There’s a grunt from the front of the jon boat as Jim Hoke’s treble hook finds the meaty flesh of a spoonbill swimming in the muddy depths of the Lake of the Ozarks. As his 150-pound braided fishing line zings down into the green water, Hoke suspects he’s successfully snagged one of the monstrous prehistoric fish that brought him out here. The spoonbill grows an average of 5 feet long and has a trophy-ready sworded snout that brings anglers from across the country to Warsaw, Missouri.
A moment after his hook snags, Hoke feels the telltale jolt of animalistic struggle — the flounce, he calls it — as the ancient beast tries to peel away from the barb lodged in its back. Hoke starts reeling, intently focused on the fight to get this massive fish close enough to the boat for his buddy Gayle Wells to impale it with a gaffing hook.
Hoke, 62, is a retired maintenance man from West Plains, Missouri, just north of the Arkansas border. Every spring for the last quarter-century, he’s taken three weeks off work to come here and camp in an RV so he can trawl the waters below the Truman Dam.
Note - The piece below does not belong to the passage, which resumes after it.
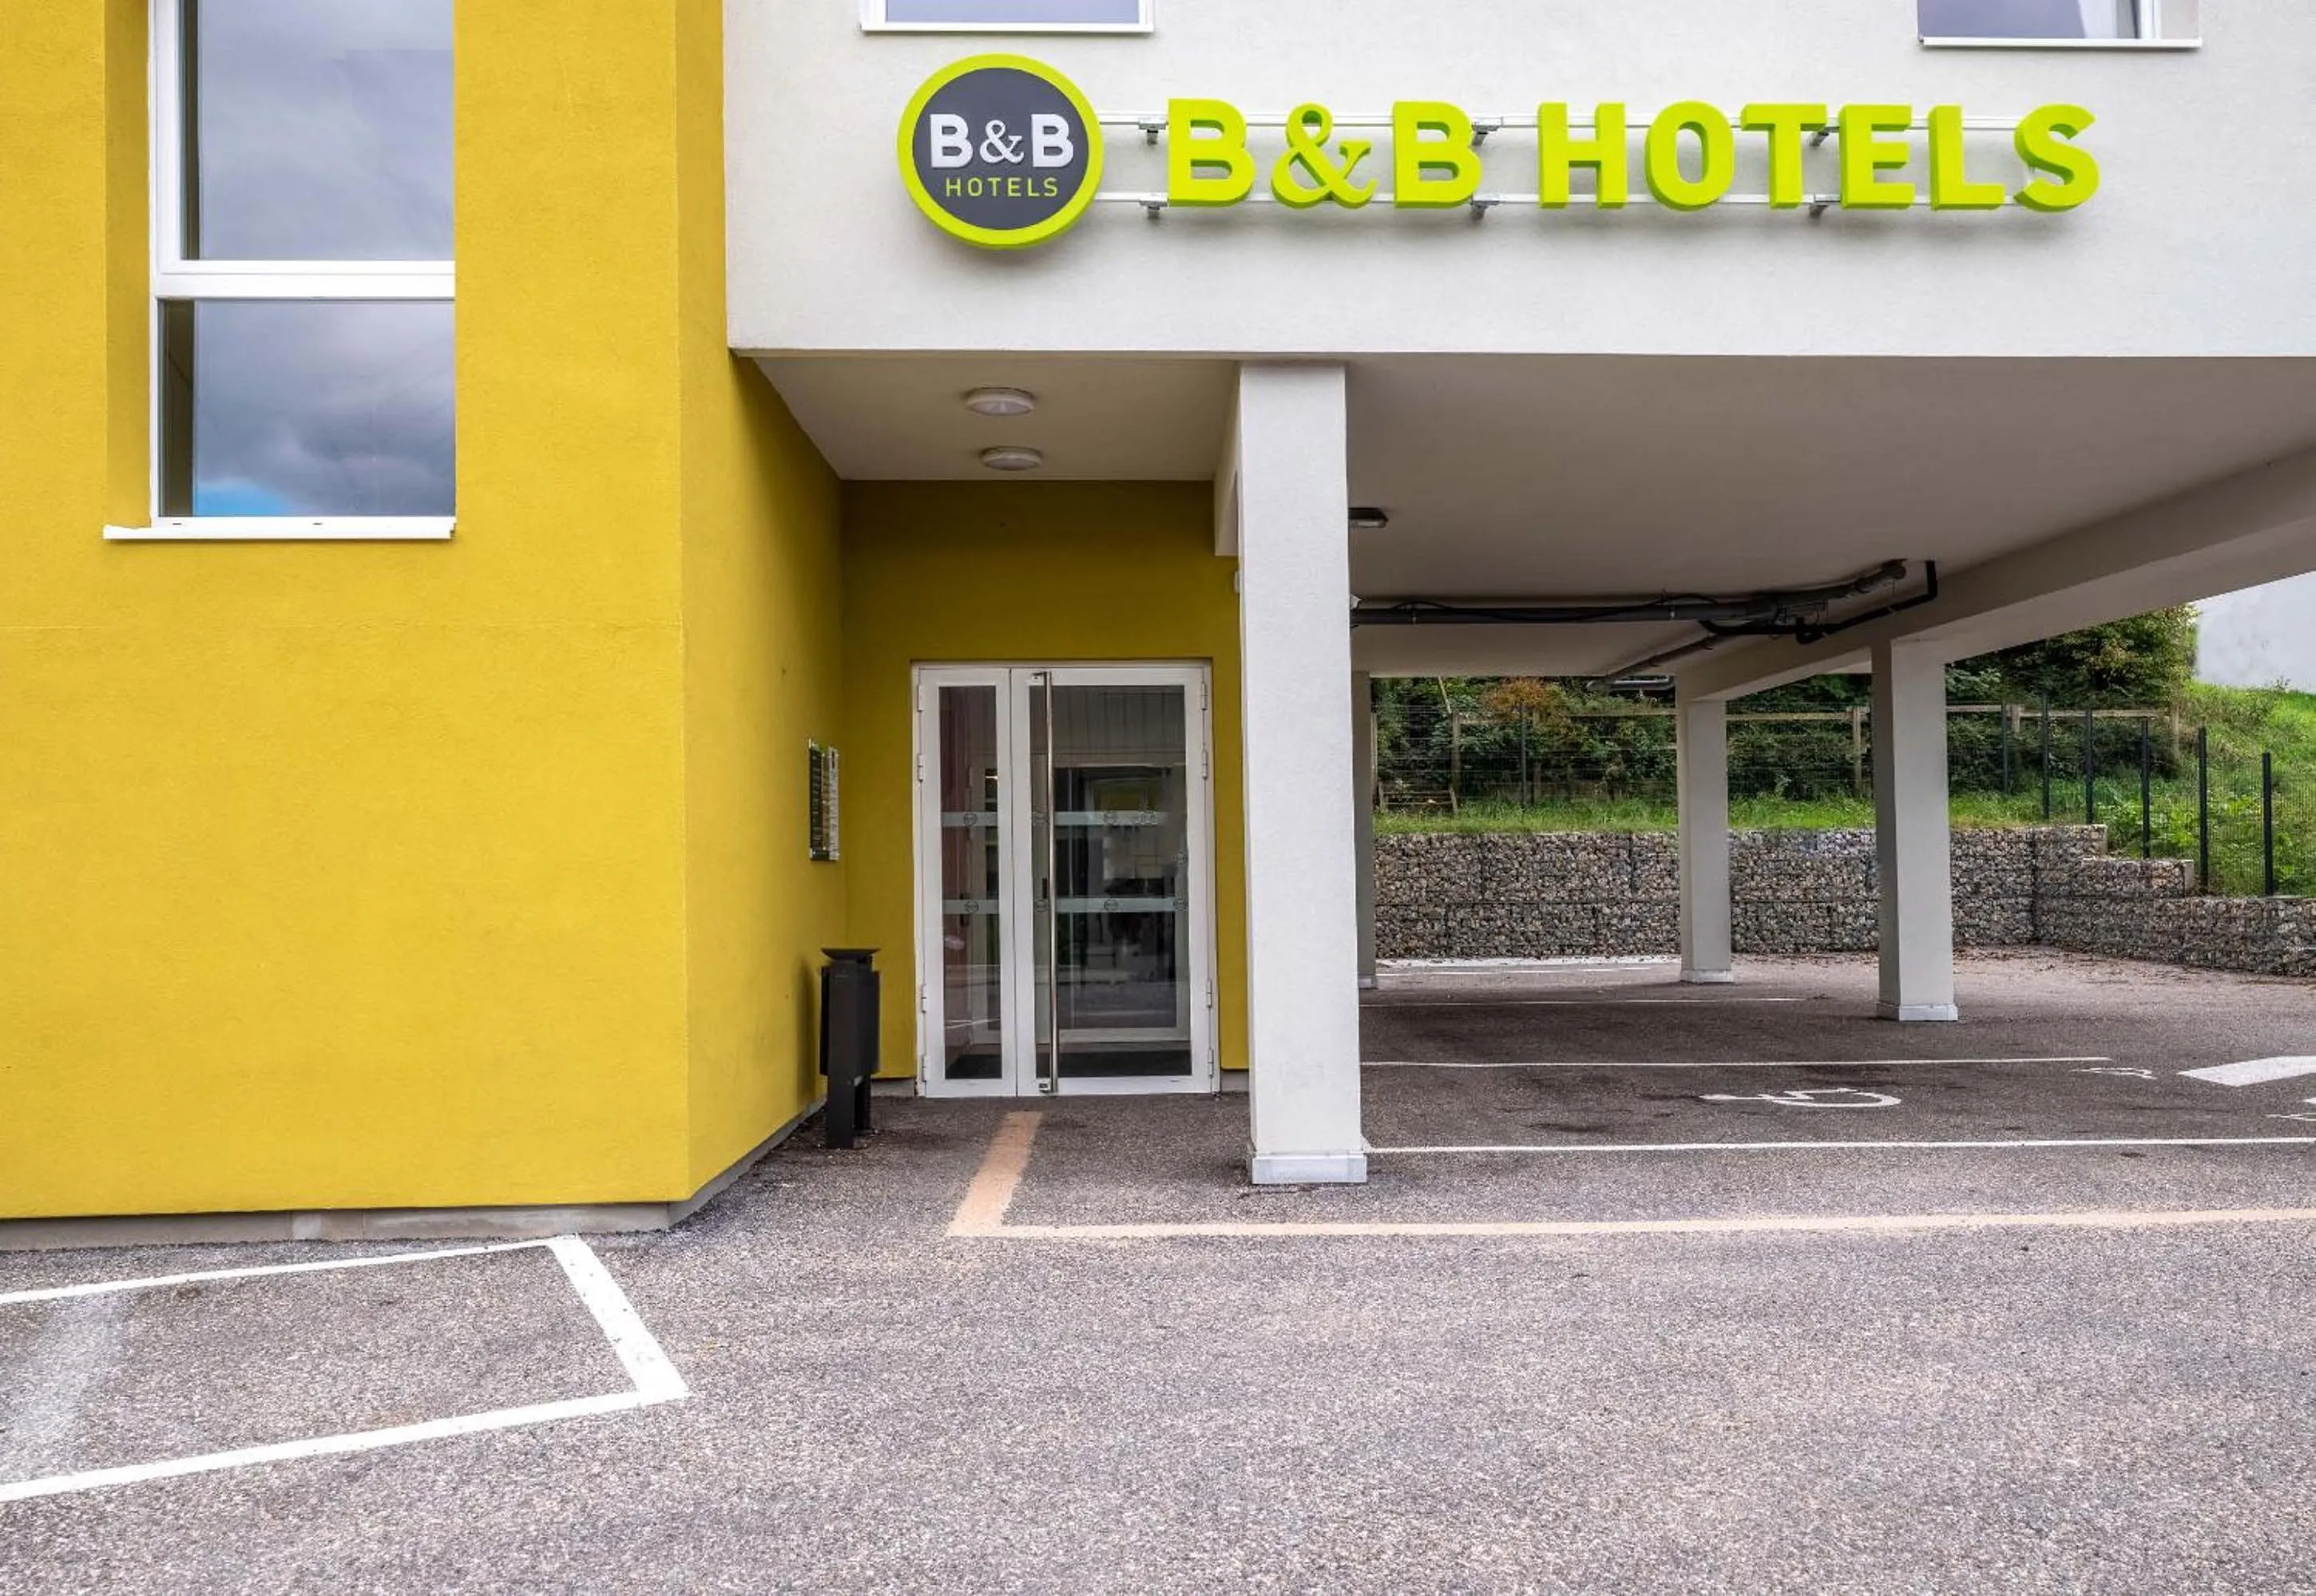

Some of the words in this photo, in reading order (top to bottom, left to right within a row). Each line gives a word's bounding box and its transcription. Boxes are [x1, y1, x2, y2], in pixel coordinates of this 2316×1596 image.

Hoke mostly fishes with Wells. Their home base is Last Resort, a campground with a private dock on a shallow spot on the northern edge of this serpentine 93-mile lake. They fish up and down a stretch called the Osage arm — Wells at the wheel, Hoke standing up front — lifting and lowering their poles in the same rhythm, aiming to catch one of their hooks on the filter-feeding fish growing fat off the plankton in this man-made lake.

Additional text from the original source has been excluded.